Center of Excellence in Systems Biology and Biomedical Engineering (TEQIP Phase-II), University of Calcutta, Kolkata, 700009, India.
Proteins. 2016 Jan;84(1):3-8. doi: 10.1002/prot.24960. Epub 2015 Dec 9.
Change in folding kinetics of globular proteins upon point mutation is crucial to a wide spectrum of biological research, such as protein misfolding, toxicity, and aggregations. Here we seek to address whether residue-level coevolutionary information of globular proteins can be informative to folding rate changes upon point mutations. Generating residue-level coevolutionary networks of globular proteins, we analyze three parameters: relative coevolution order (rCEO), network density (ND), and characteristic path length (CPL).

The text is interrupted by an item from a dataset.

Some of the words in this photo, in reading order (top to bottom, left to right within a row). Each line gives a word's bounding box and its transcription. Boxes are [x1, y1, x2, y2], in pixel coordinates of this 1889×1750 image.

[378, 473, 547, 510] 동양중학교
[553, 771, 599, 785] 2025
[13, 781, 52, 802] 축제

A point mutation is considered to be equivalent to a node deletion of this network and respective percentage changes in rCEO, ND, CPL are found linearly correlated (0.84, 0.73, and -0.61, respectively) with experimental folding rate changes. The three parameters predict the folding rate change upon a point mutation with 0.031, 0.045, and 0.059 standard errors, respectively.

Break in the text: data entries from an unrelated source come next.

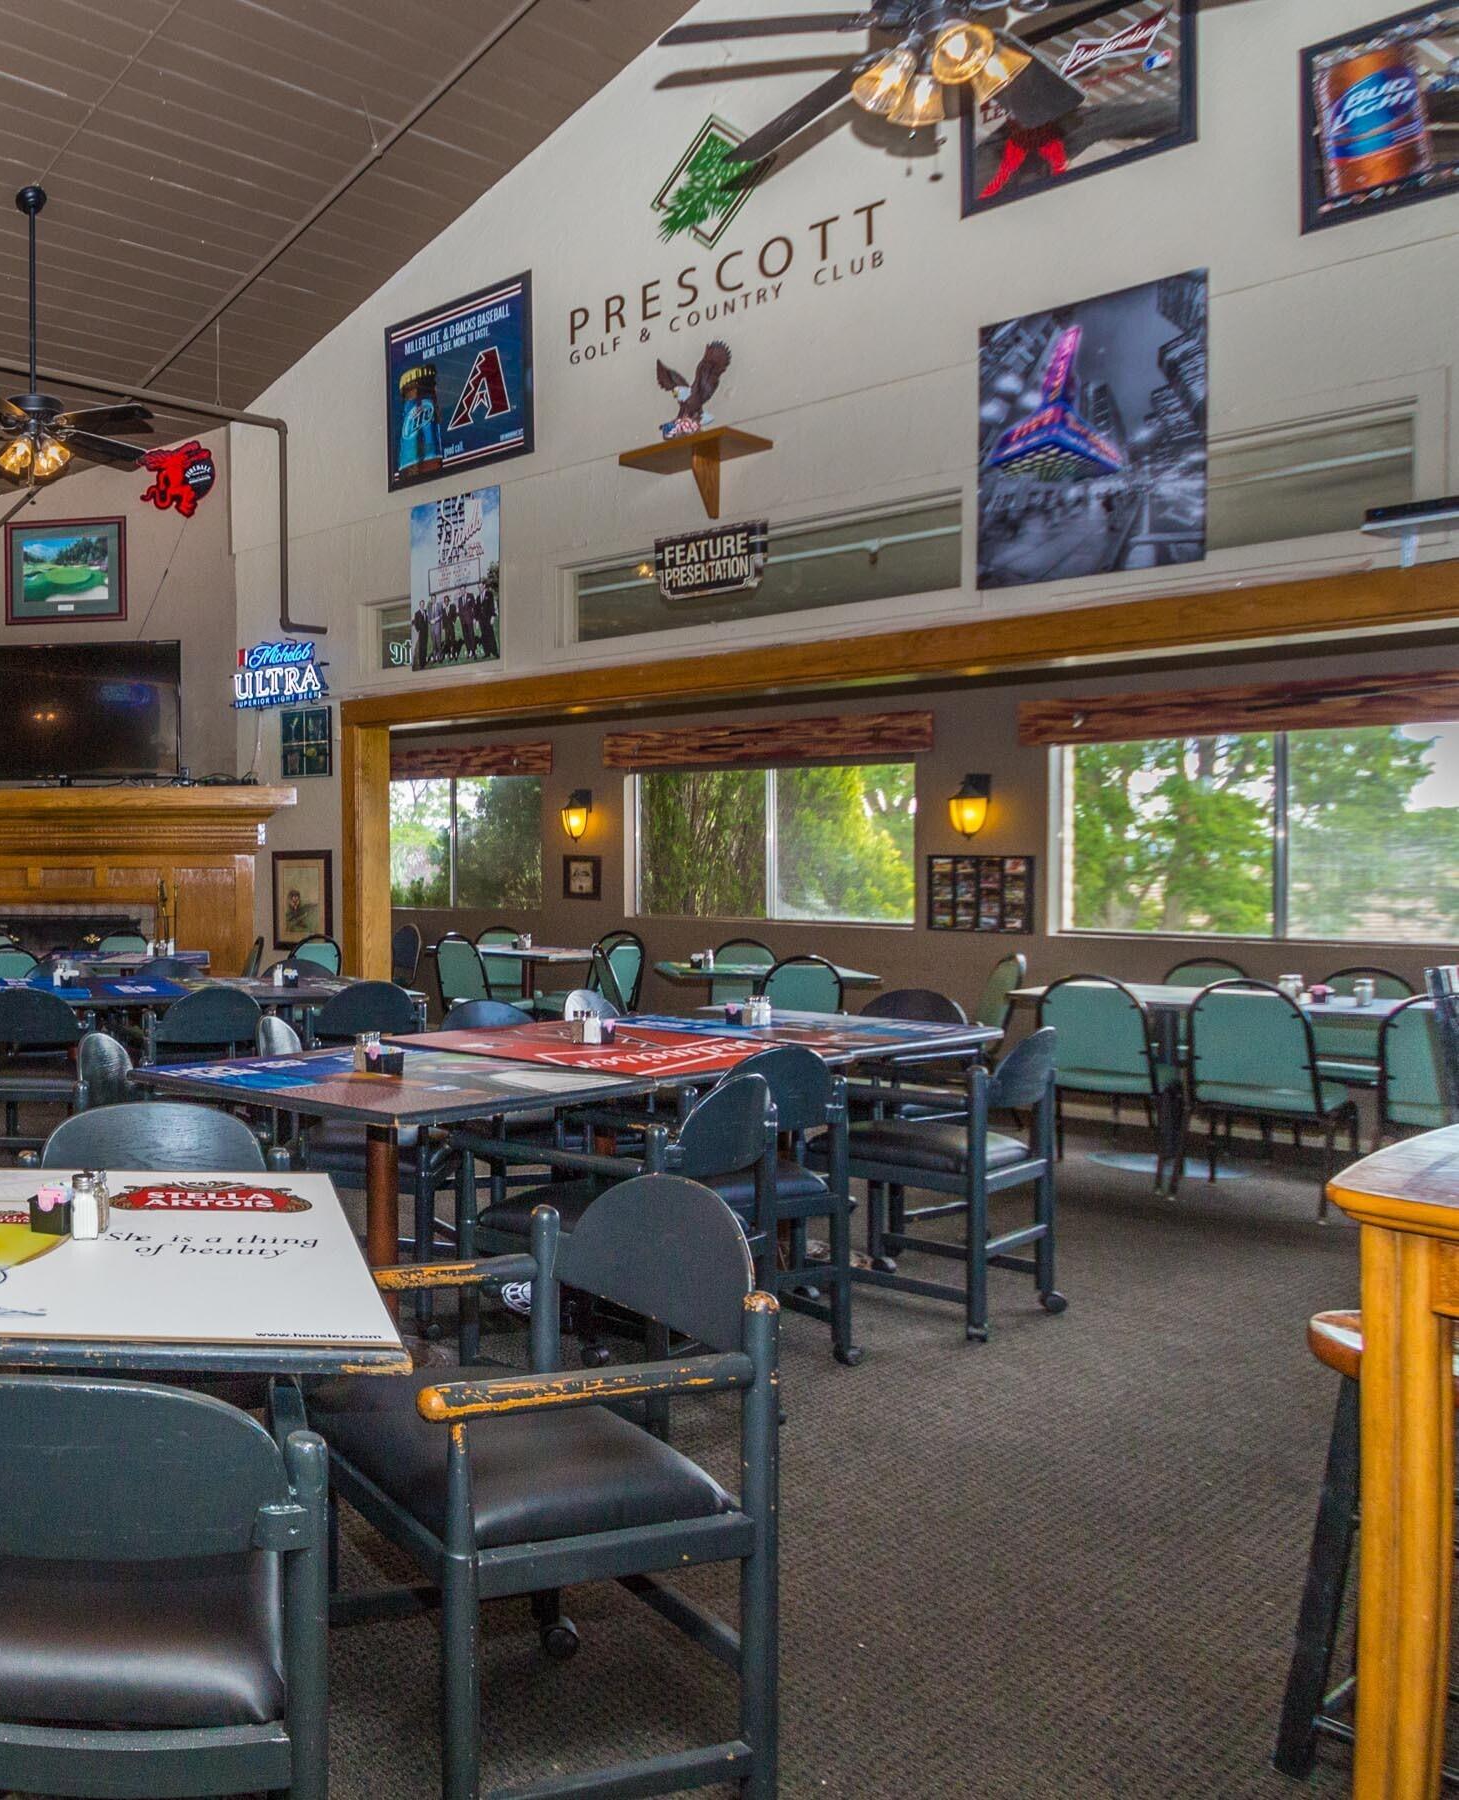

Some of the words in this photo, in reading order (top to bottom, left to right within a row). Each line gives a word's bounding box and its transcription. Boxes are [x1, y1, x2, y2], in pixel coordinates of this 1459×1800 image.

[1057, 16, 1168, 69] Budweiser
[1346, 75, 1412, 109] BUD
[1330, 89, 1417, 134] LIGHT
[569, 199, 887, 346] PRESCOTT
[569, 336, 621, 365] GOLF
[639, 327, 651, 342] &
[668, 281, 783, 333] COUNTRY
[813, 251, 884, 286] CLUB
[404, 335, 427, 356] MILLER
[427, 331, 440, 348] LITE
[443, 328, 449, 341] &
[477, 303, 511, 328] BASEBALL
[664, 532, 748, 567] FEATURE
[665, 555, 749, 589] PRESENTATION
[248, 642, 312, 668] Michelob
[234, 664, 320, 700] ULTRA
[235, 697, 270, 708] SUPERIOR
[273, 695, 295, 704] LIGHT
[145, 1199, 274, 1208] ARTOIS
[148, 1192, 271, 1200] STELLA
[107, 1232, 152, 1241] She
[173, 1234, 194, 1243] is
[238, 1234, 318, 1248] thing
[135, 1244, 173, 1256] of
[180, 1244, 287, 1259] beauty

球状蛋白点突变时折叠动力学的变化对于广泛的生物学研究至关重要,例如蛋白质错误折叠、毒性和聚集。在这里,我们试图探讨球状蛋白的残基水平协同进化信息是否能为点突变时的折叠速率变化提供信息。通过生成球状蛋白的残基水平协同进化网络,我们分析了三个参数:相对协同进化顺序(rCEO)、网络密度(ND)和特征路径长度(CPL)。点突变被认为等同于该网络的节点删除,并且发现rCEO、ND、CPL的各自百分比变化与实验折叠速率变化呈线性相关(分别为0.84、0.73和-0.61)。这三个参数预测点突变时折叠速率变化的标准误差分别为0.031、0.045和0.059。